= DESCRIPTION OF THE TASK =
Your task is to copy every record exactly.

= DATA =

Start of Block

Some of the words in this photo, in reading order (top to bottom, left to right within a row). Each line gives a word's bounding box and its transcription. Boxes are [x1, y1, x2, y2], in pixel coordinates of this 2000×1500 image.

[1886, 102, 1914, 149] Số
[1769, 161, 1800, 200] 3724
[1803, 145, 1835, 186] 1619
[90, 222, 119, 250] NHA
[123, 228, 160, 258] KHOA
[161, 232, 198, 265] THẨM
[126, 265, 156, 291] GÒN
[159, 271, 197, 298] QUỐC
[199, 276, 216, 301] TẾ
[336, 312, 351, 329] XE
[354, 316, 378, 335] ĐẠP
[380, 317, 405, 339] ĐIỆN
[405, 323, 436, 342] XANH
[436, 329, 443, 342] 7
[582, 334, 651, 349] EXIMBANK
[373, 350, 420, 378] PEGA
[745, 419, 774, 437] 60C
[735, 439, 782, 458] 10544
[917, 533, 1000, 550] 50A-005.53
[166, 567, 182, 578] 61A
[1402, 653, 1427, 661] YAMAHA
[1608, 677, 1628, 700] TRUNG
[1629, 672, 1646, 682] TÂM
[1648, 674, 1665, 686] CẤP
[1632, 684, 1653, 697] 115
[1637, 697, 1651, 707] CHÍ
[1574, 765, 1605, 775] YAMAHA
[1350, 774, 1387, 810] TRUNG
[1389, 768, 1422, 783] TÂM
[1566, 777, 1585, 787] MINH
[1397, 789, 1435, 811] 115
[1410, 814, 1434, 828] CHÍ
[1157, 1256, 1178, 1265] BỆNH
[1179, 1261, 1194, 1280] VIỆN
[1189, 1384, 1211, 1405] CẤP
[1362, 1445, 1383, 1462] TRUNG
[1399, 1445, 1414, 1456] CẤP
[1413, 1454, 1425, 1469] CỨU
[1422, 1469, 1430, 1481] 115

End of Block

= SOLUTION TO THIS EXERCISE =
Some of the words in this photo, in reading order (top to bottom, left to right within a row). Each line gives a word's bounding box and its transcription. Boxes are [x1, y1, x2, y2], in pixel coordinates of this 2000×1500 image.

[1886, 102, 1914, 149] Số
[1769, 161, 1800, 200] 3724
[1803, 145, 1835, 186] 1619
[90, 222, 119, 250] NHA
[123, 228, 160, 258] KHOA
[161, 232, 198, 265] THẨM
[126, 265, 156, 291] GÒN
[159, 271, 197, 298] QUỐC
[199, 276, 216, 301] TẾ
[336, 312, 351, 329] XE
[354, 316, 378, 335] ĐẠP
[380, 317, 405, 339] ĐIỆN
[405, 323, 436, 342] XANH
[436, 329, 443, 342] 7
[582, 334, 651, 349] EXIMBANK
[373, 350, 420, 378] PEGA
[745, 419, 774, 437] 60C
[735, 439, 782, 458] 10544
[917, 533, 1000, 550] 50A-005.53
[166, 567, 182, 578] 61A
[1402, 653, 1427, 661] YAMAHA
[1608, 677, 1628, 700] TRUNG
[1629, 672, 1646, 682] TÂM
[1648, 674, 1665, 686] CẤP
[1632, 684, 1653, 697] 115
[1637, 697, 1651, 707] CHÍ
[1574, 765, 1605, 775] YAMAHA
[1350, 774, 1387, 810] TRUNG
[1389, 768, 1422, 783] TÂM
[1566, 777, 1585, 787] MINH
[1397, 789, 1435, 811] 115
[1410, 814, 1434, 828] CHÍ
[1157, 1256, 1178, 1265] BỆNH
[1179, 1261, 1194, 1280] VIỆN
[1189, 1384, 1211, 1405] CẤP
[1362, 1445, 1383, 1462] TRUNG
[1399, 1445, 1414, 1456] CẤP
[1413, 1454, 1425, 1469] CỨU
[1422, 1469, 1430, 1481] 115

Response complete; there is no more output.